### Task details
Print all entries precisely as they are written.

****************************************

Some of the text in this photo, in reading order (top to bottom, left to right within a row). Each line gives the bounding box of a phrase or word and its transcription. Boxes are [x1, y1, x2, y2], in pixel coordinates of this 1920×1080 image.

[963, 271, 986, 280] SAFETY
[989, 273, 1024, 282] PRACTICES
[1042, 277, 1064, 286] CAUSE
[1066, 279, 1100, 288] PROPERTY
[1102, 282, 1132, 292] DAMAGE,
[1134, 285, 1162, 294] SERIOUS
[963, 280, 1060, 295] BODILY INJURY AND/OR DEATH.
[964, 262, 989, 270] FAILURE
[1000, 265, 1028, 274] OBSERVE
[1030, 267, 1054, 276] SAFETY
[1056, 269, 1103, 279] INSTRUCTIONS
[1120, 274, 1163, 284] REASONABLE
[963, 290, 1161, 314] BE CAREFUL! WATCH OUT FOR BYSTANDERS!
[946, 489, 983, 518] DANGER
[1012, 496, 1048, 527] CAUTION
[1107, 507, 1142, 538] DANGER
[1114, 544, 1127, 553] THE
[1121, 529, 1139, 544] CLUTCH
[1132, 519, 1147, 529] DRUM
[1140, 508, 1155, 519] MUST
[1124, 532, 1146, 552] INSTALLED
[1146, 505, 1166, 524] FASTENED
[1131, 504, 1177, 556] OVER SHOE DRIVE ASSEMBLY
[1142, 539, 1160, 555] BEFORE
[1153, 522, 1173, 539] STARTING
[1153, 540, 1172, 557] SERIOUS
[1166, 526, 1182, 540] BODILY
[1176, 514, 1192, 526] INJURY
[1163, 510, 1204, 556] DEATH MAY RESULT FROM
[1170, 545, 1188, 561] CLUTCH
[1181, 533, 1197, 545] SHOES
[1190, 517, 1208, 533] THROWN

****************************************

### Answer for the task
Some of the text in this photo, in reading order (top to bottom, left to right within a row). Each line gives the bounding box of a phrase or word and its transcription. Boxes are [x1, y1, x2, y2], in pixel coordinates of this 1920×1080 image.

[963, 271, 986, 280] SAFETY
[989, 273, 1024, 282] PRACTICES
[1042, 277, 1064, 286] CAUSE
[1066, 279, 1100, 288] PROPERTY
[1102, 282, 1132, 292] DAMAGE,
[1134, 285, 1162, 294] SERIOUS
[963, 280, 1060, 295] BODILY INJURY AND/OR DEATH.
[964, 262, 989, 270] FAILURE
[1000, 265, 1028, 274] OBSERVE
[1030, 267, 1054, 276] SAFETY
[1056, 269, 1103, 279] INSTRUCTIONS
[1120, 274, 1163, 284] REASONABLE
[963, 290, 1161, 314] BE CAREFUL! WATCH OUT FOR BYSTANDERS!
[946, 489, 983, 518] DANGER
[1012, 496, 1048, 527] CAUTION
[1107, 507, 1142, 538] DANGER
[1114, 544, 1127, 553] THE
[1121, 529, 1139, 544] CLUTCH
[1132, 519, 1147, 529] DRUM
[1140, 508, 1155, 519] MUST
[1124, 532, 1146, 552] INSTALLED
[1146, 505, 1166, 524] FASTENED
[1131, 504, 1177, 556] OVER SHOE DRIVE ASSEMBLY
[1142, 539, 1160, 555] BEFORE
[1153, 522, 1173, 539] STARTING
[1153, 540, 1172, 557] SERIOUS
[1166, 526, 1182, 540] BODILY
[1176, 514, 1192, 526] INJURY
[1163, 510, 1204, 556] DEATH MAY RESULT FROM
[1170, 545, 1188, 561] CLUTCH
[1181, 533, 1197, 545] SHOES
[1190, 517, 1208, 533] THROWN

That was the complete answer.